In questo senso sono davvero commoventi i tentativi -tutti riusciti- della Medea di Euripide di oggettivare la sua condizione, ovvero di indirizzare il discorso il più lontano possibile da una dimensione interiore e di trovare fuori di sé le ragioni di quel gesto estremo che lentamente si sta rappresentando dentro di lei. In questo senso sono davvero commoventi e apparentemente destabilizzanti le lacrime con le quali Medea si getta ai piedi di Creonte per supplicarlo di recedere dal suo disegno perché in esso si annidano profonde ingiustizie che offuscano il prestigio della Grecia e ne determinano un destino di decadenza.
Le suppliche e le lacrime stesse che escono dagli occhi di Medea non sono sue. non vengono da dentro ma da fuori e sono in realtà il segno di una supplica all’incontrario che non chiede al re di alleviare con un suo gesto di carità il disagio e la sofferenza di un suo suddito (in questo senso Medea non ha, non avrebbe, bisogno di nessuno) ma che tra le maglie del discorso con cui si articola, intima al non suo re di non commettere quella serie di ingiustizie davanti alle quali ella non potrebbe non reagire (…) ottiene dal non suo re “solo” ventiquattrore per organizzare la sua partenza (…) concessione che si rivelerà un grossolano errore di valutazione: in un solo giorno che va dal tramonto del suo sole al tramonto del sole del giorno che segue, Medea elabora perfeziona e attua il suo piano e questo fornisce ai suoi prossimi e a noi posteri la dimensione reale della sua potenza ... tu Creonte dall’alto della tua carica non avresti dovuto saccente e con sufficienza concedere a Medea le ventiquattro ore peggiori della tua vita …
Dimensionare la portata del proprio interlocutore -amico o nemico che sia- e dimensionare la propria in riferimento ad essa è il paradigma di una corretta, sana, intelligente forma della relazione umana, che abbia nei suoi obiettivi e nei suoi esiti il mantenimento, la garanzia e il rispetto dei diritti, delle istanze e delle dignità dei più deboli (una sorta di Intelligenza della Bontà!).
È questa la forma di relazione umana che lega Medea e Filomena ai propri interlocutori: due figure forti potenti e piene di dignità che si trovano a vivere vicende che le pongono in una oggettiva condizione di debolezza e tuttavia entrambe mai lasciano sul campo neanche una briciola di quella forza di quella potenza di quella dignità in virtù delle quali ognuna a proprio modo vincerà la sua battaglia.
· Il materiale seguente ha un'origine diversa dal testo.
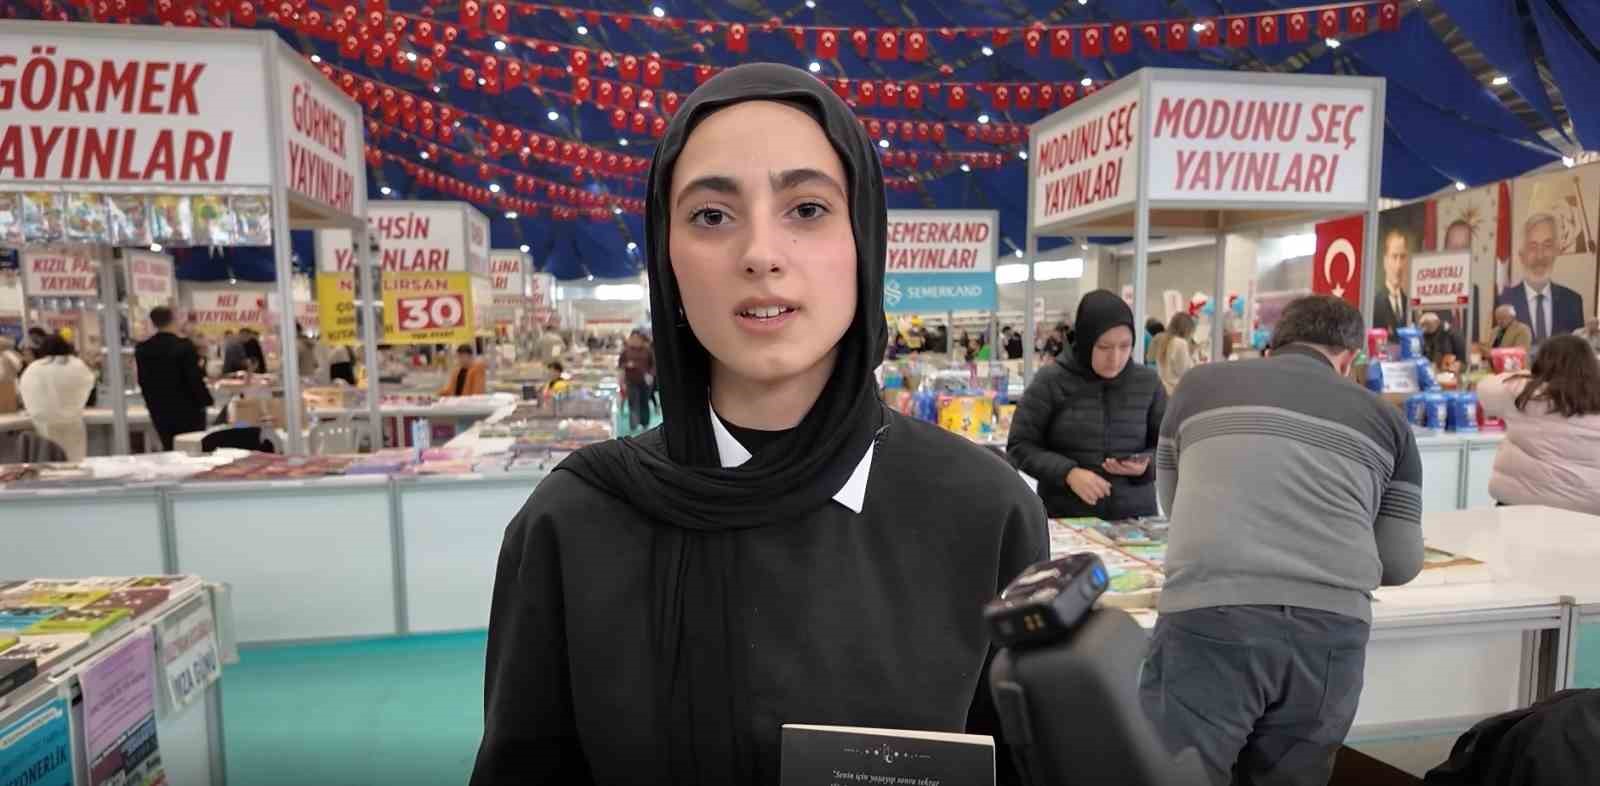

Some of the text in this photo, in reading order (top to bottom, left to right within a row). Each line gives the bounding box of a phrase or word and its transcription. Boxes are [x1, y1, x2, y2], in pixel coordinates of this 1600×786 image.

[1038, 101, 1137, 177] MODUNU SEÇ
[1153, 97, 1364, 150] MODUNU SEÇ
[1043, 157, 1122, 216] YAYINLARI
[1174, 150, 1340, 193] YAYINLARI
[888, 249, 978, 269] YAYINLARI
[401, 296, 462, 329] 30
[907, 285, 982, 297] SEMERKAND
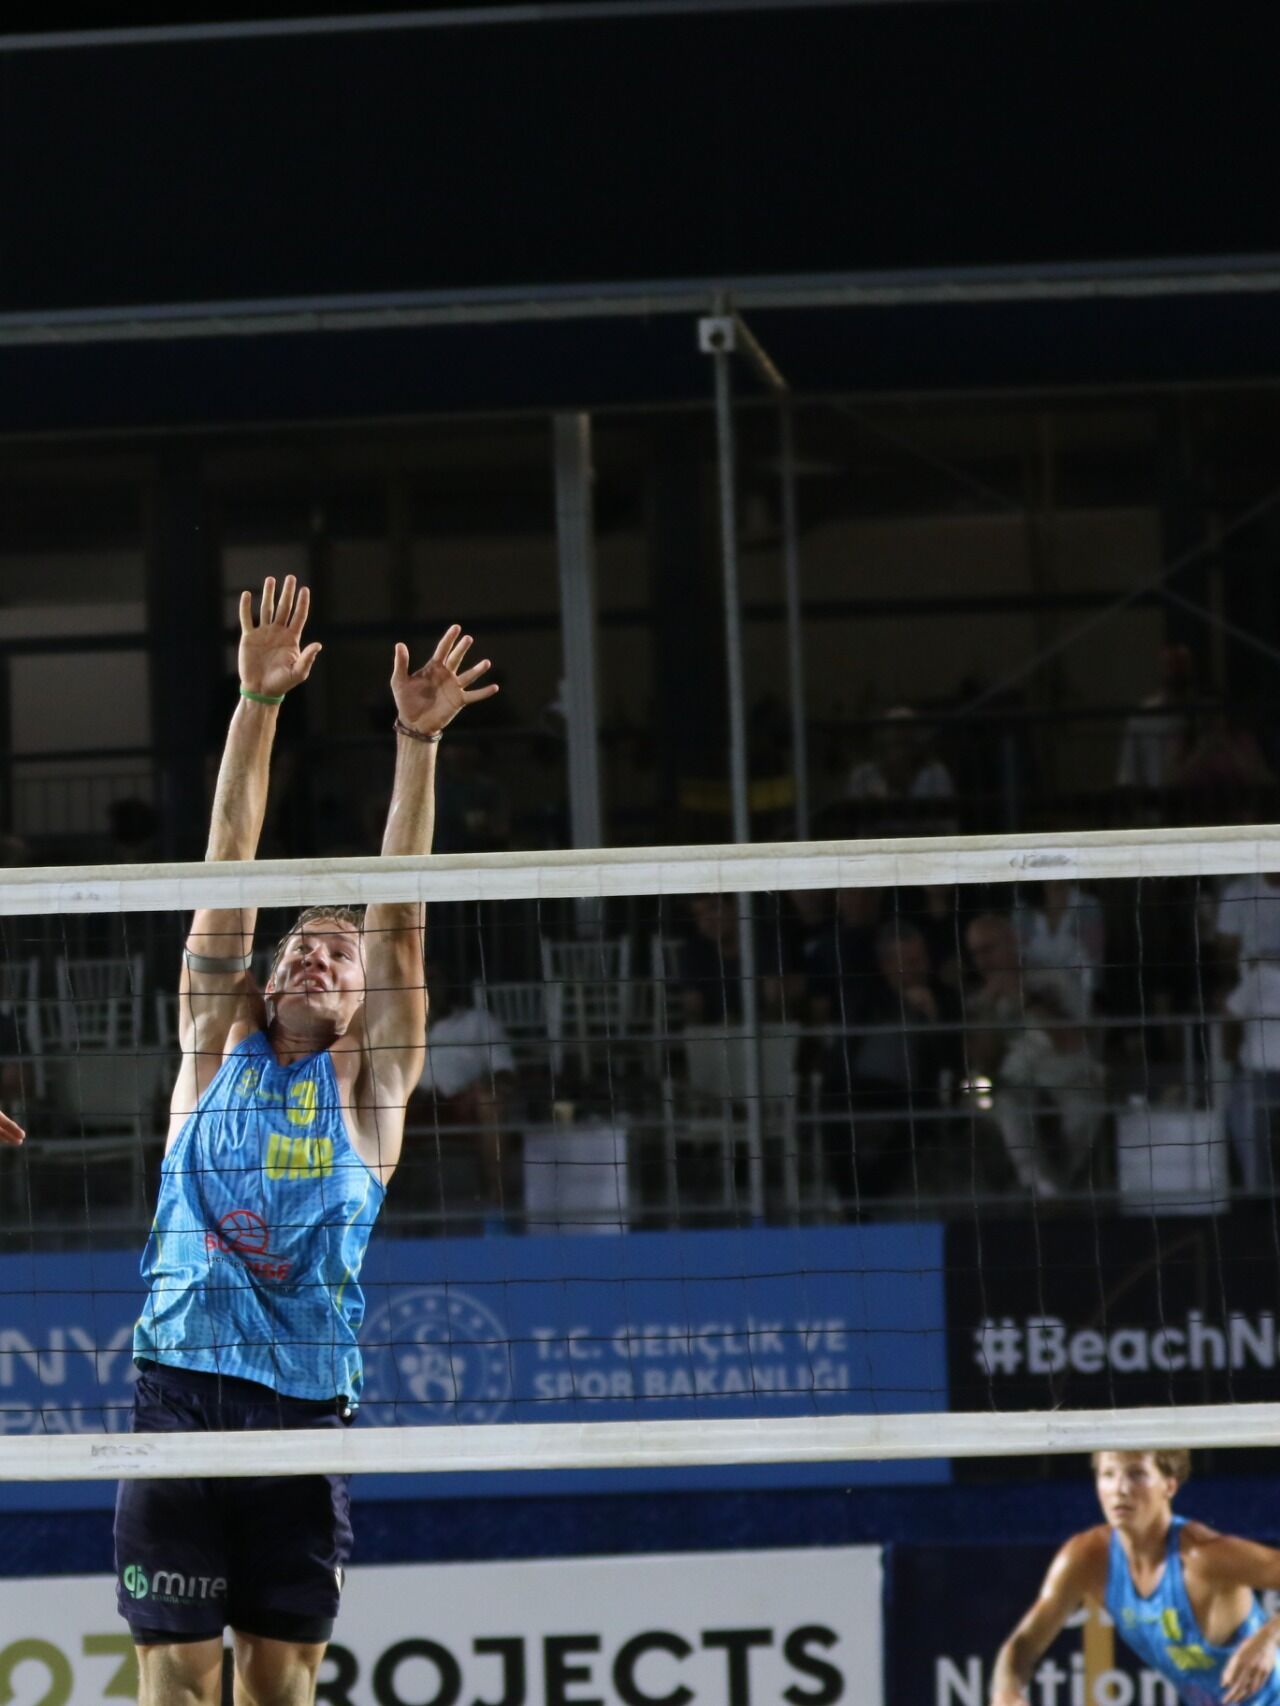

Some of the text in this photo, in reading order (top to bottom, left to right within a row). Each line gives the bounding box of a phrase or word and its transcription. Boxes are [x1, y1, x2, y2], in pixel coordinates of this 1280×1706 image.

[287, 1080, 318, 1126] 3
[266, 1132, 334, 1181] UKR
[532, 1315, 847, 1362] T.C. GENÇLİK VE
[974, 1311, 1280, 1374] #BeachN
[533, 1357, 848, 1403] SPOR BAKANLIĞI
[222, 1624, 845, 1706] ROJECTS
[936, 1652, 1179, 1706] Ntion
Scrivere di Medea e di Filomena in uno stesso solco di scrittura scenica significa anzitutto preoccuparsi di salvaguardare la forza la potenza e la dignità di queste due figure femminili, legittimandole reciprocamente una di fronte all’altra e legittimandole entrambe di fronte a quelli che saranno i nostri interlocutori, avendo cura di non dimenticare mai che la Rinuncia la natura le azioni e le lacrime che finalmente sgorgano dagli occhi di Filomena sono profondamente umane e che la sua vicenda e i Conflitti che in essa si determinano sono tutti inscritti dentro una dimensione privata domestica familiare. In Medea, invece, tutte queste cose sono di una natura diversa e guardano un po’ oltre. e oltre e fuori portano le ragioni del Conflitto che si fa storico politico sociale.
L’unità di tempo della Filumena Marturano di Eduardo è quella di una vita umana e qui sta tutta la sua forza!
Quella di Medea è una unità senza tempo!
Qualcosa del genere ci accadrà e ci riguarderà anche nel momento in cui metteremo in scena “Baal” e i “Fanatici” scritti praticamente negli stessi anni da due autori diametralmente opposti (Brecht e Musil) i quali ci suggeriscono due prospettive diverse per provare a leggere e a capire gli inizi del 900 e ci lasciano due eredità sulla scorta delle quali provare a costruire a vivere a capire le nostre vite di adesso: una praticamente dimenticata e tutta legata alla potenza umana di nietzschiana memoria e che è il Baal; l’altra apparentemente molto fragile che apre una ferita profonda nel corpo dei Fanatici lasciando venire fuori dimensioni tutte interiori (le interiora direbbe Baal!) che occupano l’intero spazio esistenziale e tutte legate a Freud e alla Psicanalisi e tutte tendenti a trattenere il Conflitto, le Ragioni del Conflitto, dentro la pelle di ognuno o tutt’al più allargate racchiuse e custodite dentro le quattro mura domestiche, lasciando alle persone e alle famiglie la sola possibilità di vivere e di morire tristemente e unicamente di se stesse.
Una doppia opposizione dunque Baal/Fanatici e Medea/Filomena che nei fatti scenici è una concessione che facciamo a noi stessi di percorrere sentieri diversi, cavalcando il “difetto” (brechtiano) e il “privilegio” (pasoliniano) di Pensare.
Nella opposizione Medea/Filomena, esattamente nel mezzo tra le due, ad un certo punto è comparsa la Madonna del Latte, già presente nel nostro lavoro dell’anno scorso “mio corpo: mia dimora mio letto d’ospedale mia cassa” attraverso le cui considerazioni legammo questo lavoro ai nostri “Ferdinando” e “Jennifer” di Annibale Ruccello.
Ancora un reticolo dunque! ancora una mappa concettuale che si arricchisce e si ripropone nella nuova stagione di Sala Ichòs e alla quale si lega con doppia diramazione (Medea/Ruccello).